Nickel Production Costs

Source: Maurice Jackson for Streetwise Reports 04/20/2018

As electric vehicles grab a larger share of the automotive market, the sourcing of raw materials becomes increasingly important. Sam Broom of Sprott Global Resource Investments, in this conversation with Maurice Jackson of Proven and Probable, discusses the supply and demand equations for two essential elements in EV batteries, nickel and cobalt.

Maurice Jackson: Welcome to Proven and Probable, where we focus on metals, mining, and more. We are speaking with Sam Broom, an investment executive at Sprott Global Resource Investments. Today, we will discuss nickel and cobalt propositions for his portfolio.

Sam, you’ve truly carved out a niche for yourself in the nickel and cobalt space. Many speculators don’t hear much about these metals and the value propositions that they may present. Let’s begin with nickel. At the 10,000-foot level, share with us the supply and demand fundamentals for nickel.

Sam Broom: Nickel is actually quite an interesting market. It was a darling back in the early to mid-, even to late 2000s, up until about 2007–2008, where the price rose dramatically. A lot of people and a lot of speculators made a lot of money in the nickel market in the 2000s.

What happened was the Chinese came up with a new way of producing largely stainless steel, which was the main use for nickel. Formerly, Chinese companies used refined nickel to produce stainless steel. Nickel is a fairly rare metal. There’s not a lot of high-quality deposits out there, but the Chinese figured out a way to turn ferronickel, which was basically an iron-rich nickel dirt, a withered rock. You could now use that as a replacement for refined nickel in creating stainless steel.

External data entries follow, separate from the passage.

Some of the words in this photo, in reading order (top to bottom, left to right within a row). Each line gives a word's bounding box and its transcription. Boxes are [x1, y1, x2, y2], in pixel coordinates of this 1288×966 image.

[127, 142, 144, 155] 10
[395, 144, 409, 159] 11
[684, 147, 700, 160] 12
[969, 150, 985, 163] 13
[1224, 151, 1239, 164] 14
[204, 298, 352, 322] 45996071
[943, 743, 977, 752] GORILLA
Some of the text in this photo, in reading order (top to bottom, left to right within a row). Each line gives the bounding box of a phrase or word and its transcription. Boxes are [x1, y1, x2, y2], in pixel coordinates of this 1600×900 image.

That truly was almost like a shale oil moment for the nickel market, and drastically changed the cost structure of the industry. It also coincided with the global financial crisis in 2008, and then nickel promptly fell off a cliff. It was trending at about $54,000–55,000 a ton. It was as low as almost $7,000 a ton about a year ago. So that’s we’re talking an 80% decline over the last 10 years, in terms of the nickel price.

What resulted was all of a sudden you hit this flood of nickel, or iron-rich nickel, nickel pig iron, or ferronickel, that flooded into the market from places like Indonesia and the Philippines. It basically destroyed the price of nickel. If you look at a long-term chart of nickel, the refined nickel stores on the LME, you’ll see exactly what happened. Basically, supply went through the roof, and then we saw this huge accumulation of nickel. The nickel market was in a huge surplus for years and years.

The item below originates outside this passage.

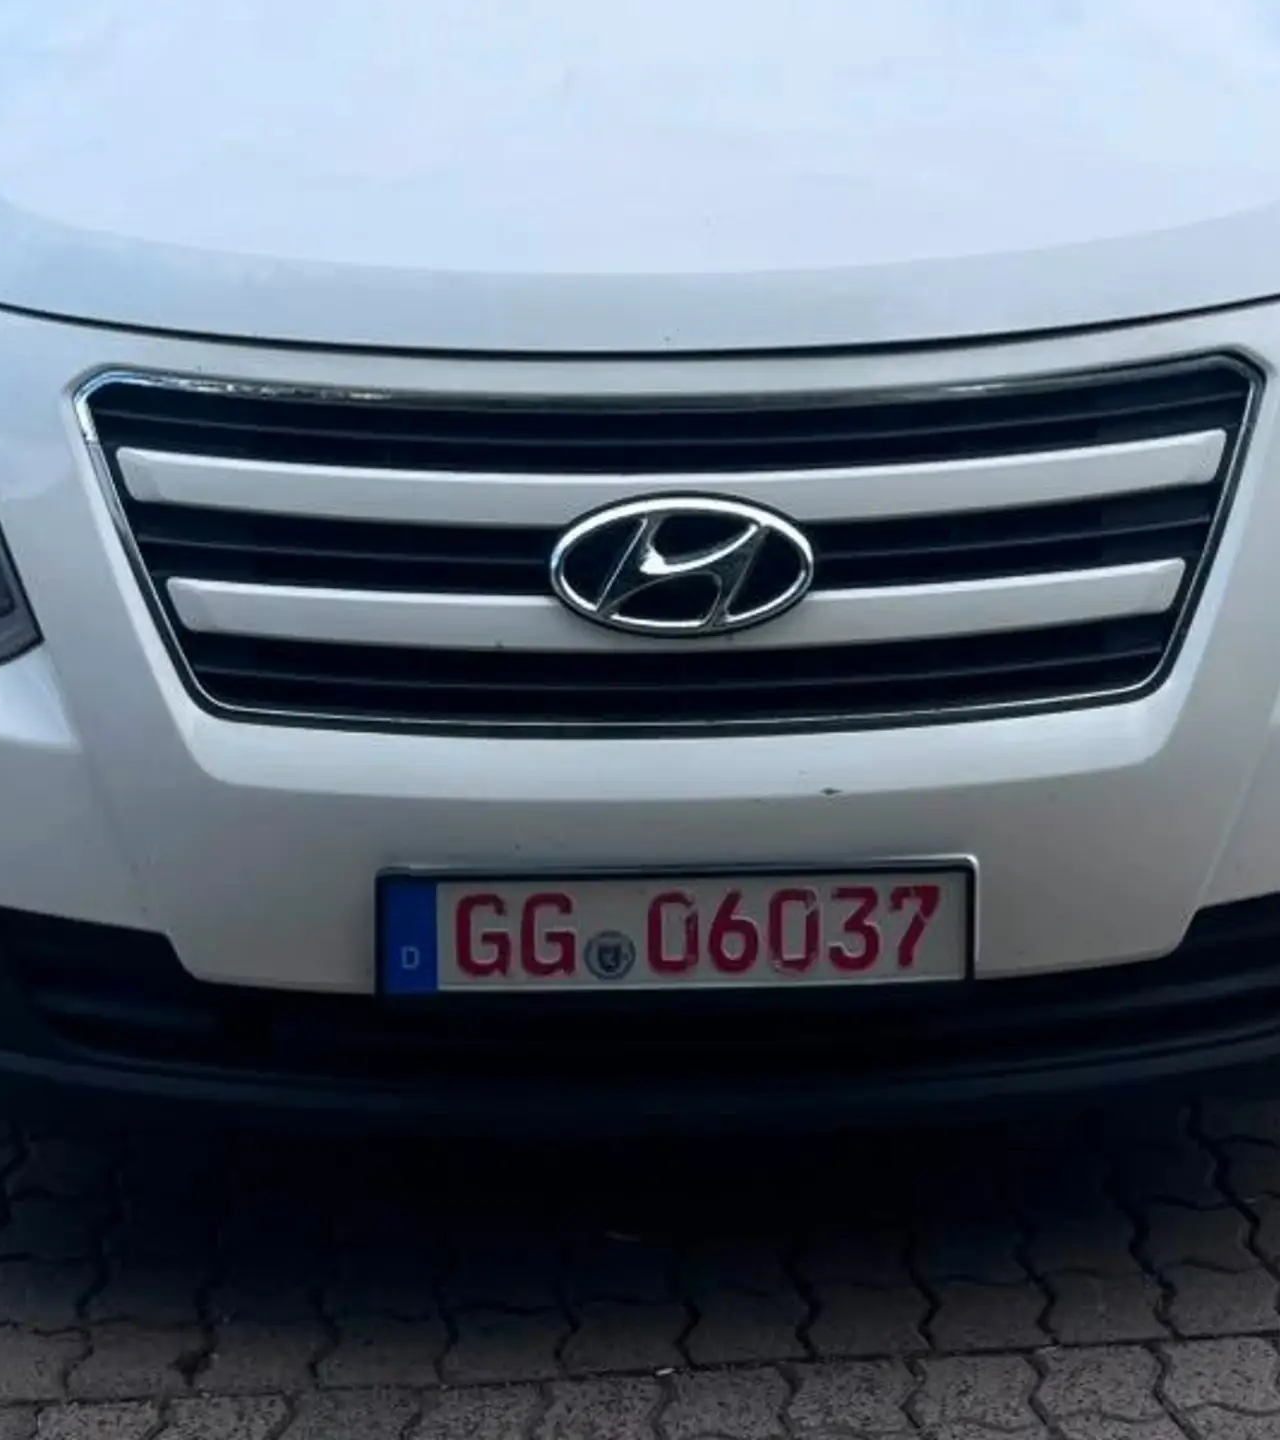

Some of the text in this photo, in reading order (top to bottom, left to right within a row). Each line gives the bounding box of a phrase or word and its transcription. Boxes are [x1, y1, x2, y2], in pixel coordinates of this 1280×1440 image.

To this very day, there are still huge amounts of nickel on the LME, compared to historical norms. That’s why a lot of people still steer clear of the market. One key thing to note, though, is for the last few years, the nickel market or the refined nickel market has been in a deficit. If you look at that very same chart, you’ll notice that stock piles have been starting to draw down, and that’s initially what got my attention. That’s a key thing for investors and speculators to keep an eye on.

The draw down has actually been in excess of what I was expecting at this point in the cycle, so clients of mine will know that I’ve been talking about nickel for the better part of about 6 to 12 months as being a commodity I think could be one of the best performing commodities over the next few years. The tide is turning, and it’s actually exceeding my expectations so far.

Maurice Jackson: You made two interesting points here. You have a supply deficit and an 80% reduction in price. That really prompts some unique opportunities. Do you foresee a catalyst that will constrain supply in the future, or add to the demand?

Sam Broom: The main driver that I see moving the nickel price is it’s a very crucial ingredient in just about every type of lithium-ion battery there is out there. If you look at all the various chemistries, most of them are very nickel-rich.

What we’re seeing or just starting to see is increased buying from those getting set in the electric vehicle space where they don’t actually need refined nickel, nickel metal. The EV industry uses nickel sulfate, which is basically a nickel salt, but you can make that. You can process refined nickel into nickel sulfate. We’re starting to see a little bit of an impact from that.

Nickel is also what I would term a kind of an affluent commodity. Stainless steel is obviously something that an increasingly wealthy population consumes in greater quantities as they become affluent. Global growth in places like China and in the developing world is driving this nickel drawdown at the moment, but I do foresee that in the near future, probably not in the next 12 months, but maybe 18 to 24 to 36 months down the track, the growth of the electric vehicle industry is going to be what drives refined nickel demand.

The key thing to note here is that all of that additional supply that came onto the market back in the late 2000s with the invention of nickel pig iron is completely unsuitable and unusual in the electrical vehicle space. So basically, that can go towards servicing demand from stainless steel fabrication and production, but it cannot be used at all to create electric vehicles and to go into the cathode of lithium-ion batteries.

In a nutshell, that EV demand is going to directly impact on what we term “class one nickel,” which is what the LME stock piles represent.